Decía que fue una nena feliz. Decía ser una mujer feliz. Pero también decía sentirse, por fin, cansada de “jugar al personaje alejandrino”. Sometida por ese personaje alejandrino, que podía coquetear con los devaneos de las anfetaminas, con la pintura, con los somníferos o con la poesía, como si estuviera coqueteando con un hombre. O con una mujer. Sujeta a la imagen de adolescente que el espejo le devolvía todo el tiempo, a pesar de tener treinta años. Claudica ante el miedo de entrar en la adultez. La dominan los prejuicios genéticos y fraternales, y también el snobismo de negar todo el tiempo que esos prejuicios eran parte de su mundo, y que por eso se negaba a sí misma, porque esos prejuicios la sometían.
Pero se cansan, las mujeres se cansan. Y ella se hastía de aspirar a convertirse en un ser excepcional. Se cansa de negarse a sí misma, de negar lo que es y lo que siente. Porque es evidente que la osadía de escribirlo no le alcanza. Y encontró una manera de rebelarse. Ella se tomó una dosis excepcional de seconal, y en la muerte, encontró la libertad.
Ella se ahogó por decisión propia, para que el dulce mar la llevara a la muerte.
Había elegido ser libre en una sociedad que no lo permitía ni lo perdonaba.

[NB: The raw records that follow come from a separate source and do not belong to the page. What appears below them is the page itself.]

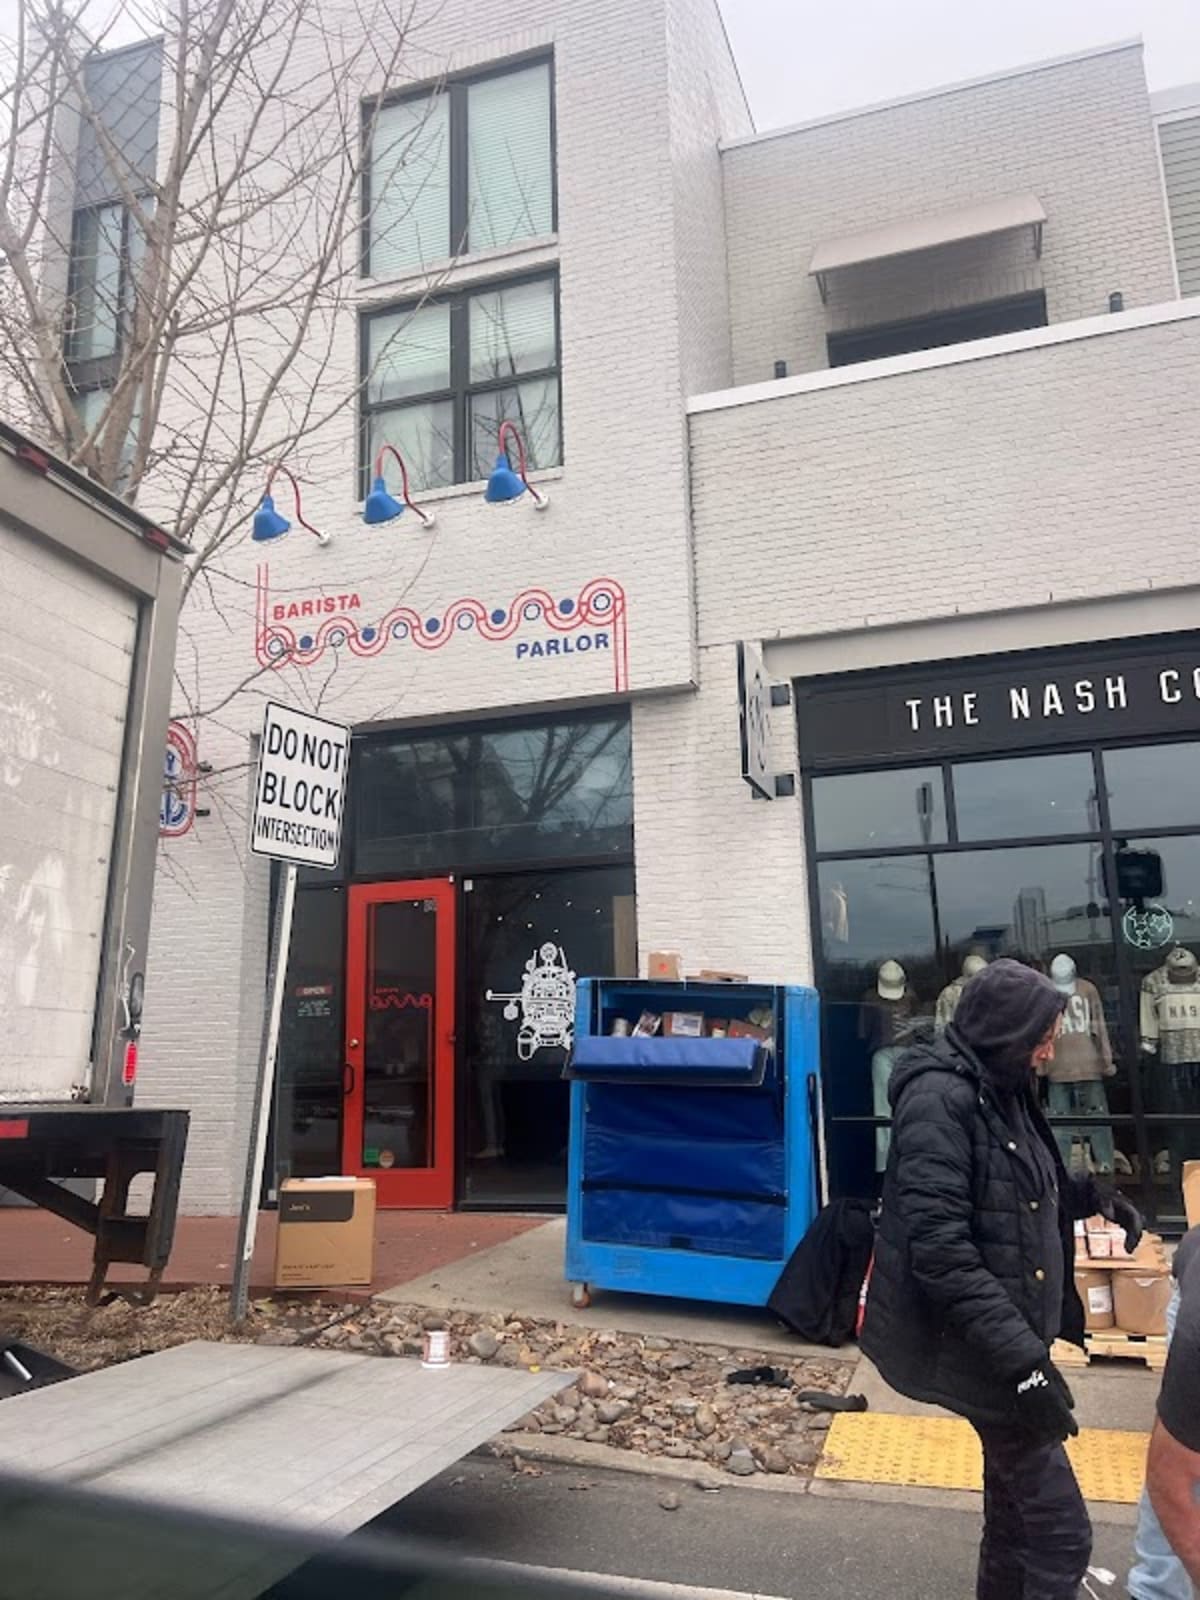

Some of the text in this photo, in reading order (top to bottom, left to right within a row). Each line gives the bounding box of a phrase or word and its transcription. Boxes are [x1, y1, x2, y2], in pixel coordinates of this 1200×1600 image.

[273, 594, 361, 620] BARISTA
[516, 633, 610, 659] PARLOR
[906, 693, 980, 731] THE
[1010, 675, 1128, 720] NASH
[268, 723, 345, 772] DO NOT
[262, 772, 339, 820] BLOCK
[258, 816, 336, 851] INTERSECTION
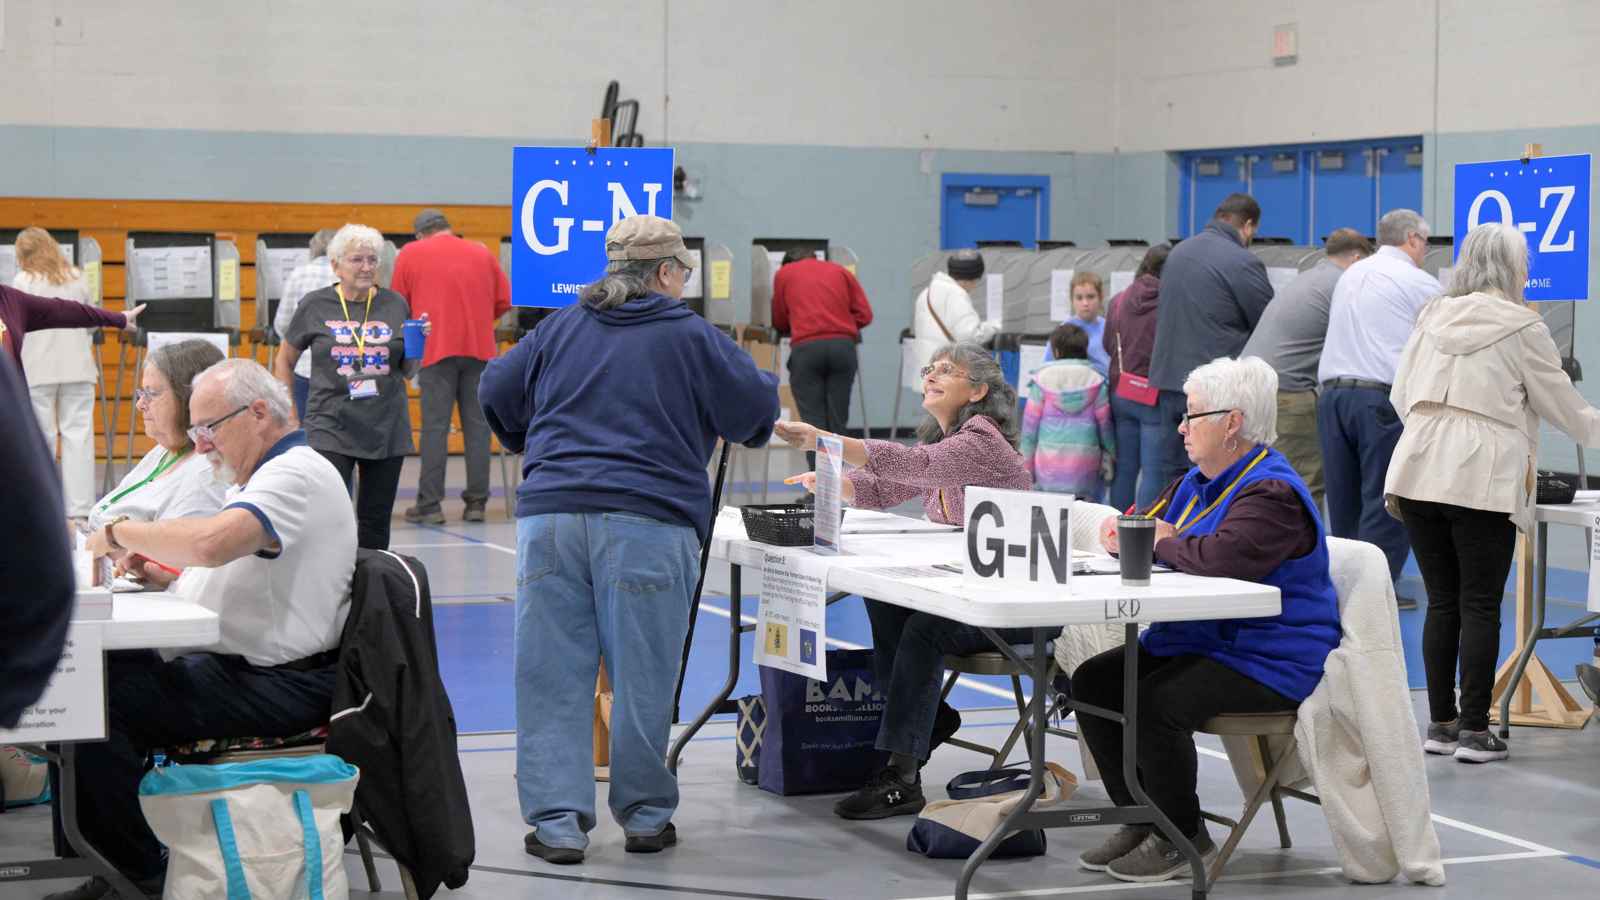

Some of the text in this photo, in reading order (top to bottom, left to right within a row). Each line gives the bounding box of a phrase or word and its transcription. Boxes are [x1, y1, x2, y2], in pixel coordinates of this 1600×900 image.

[521, 179, 662, 256] G-N
[1467, 186, 1576, 253] O-Z
[967, 500, 1069, 585] G-N
[1104, 598, 1141, 620] LRD
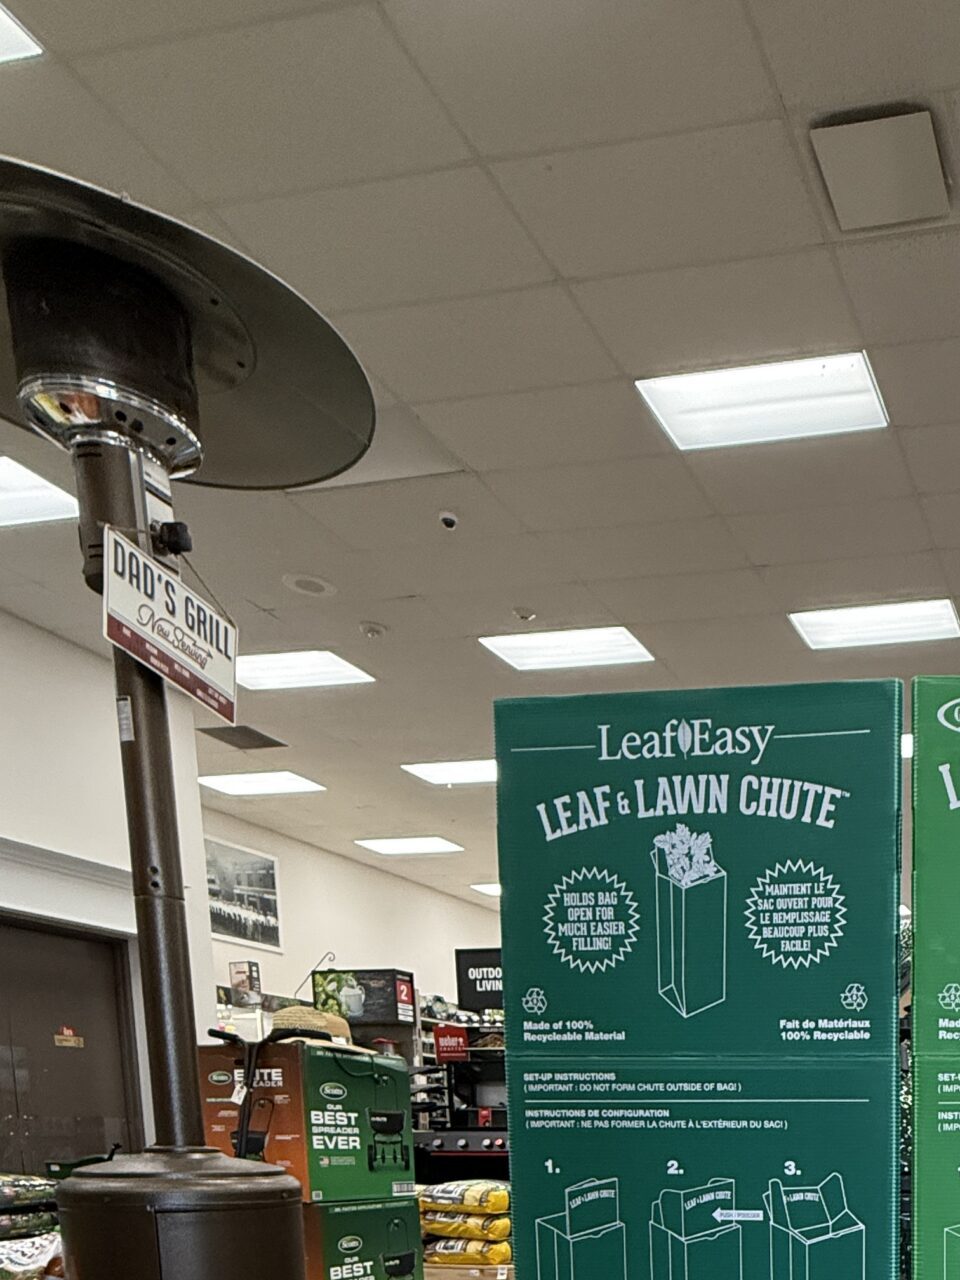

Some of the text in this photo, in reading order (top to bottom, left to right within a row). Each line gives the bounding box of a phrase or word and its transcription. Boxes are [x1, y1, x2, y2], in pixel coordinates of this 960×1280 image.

Había elegido amores anónimos, hijos sin padre; había elegido decir que es feminismo el ejercicio del pensamiento de la mujer, aunque las mujeres hubieran tenido que esperar treinta años para tener derechos políticos. Pero también fue sojuzgada. La sometió la enfermedad, la conciencia del deterioro, de la propia finitud.
Y se cansan, las mujeres se cansan. Y ella se hastió de tener que estar “dispuesta a todo”, tal el significado de su nombre. Y encontró una manera de rebelarse. Arrojarse al mar y buscar la libertad en la muerte.
¿Existe el destino? ¿Existe acaso algo parecido a un designio fatal e inevitable de qué cosas van a pasar con nuestras vidas? ¿Existe acaso un supremo titiritero universal, que mueve las marionetas, hombres y mujeres, para que esas marionetas, hombres y mujeres, seamos libres o sometidos, o elijamos la muerte como una forma de dejar de sufrir el dolor de estar vivos y de sentirnos doblegados?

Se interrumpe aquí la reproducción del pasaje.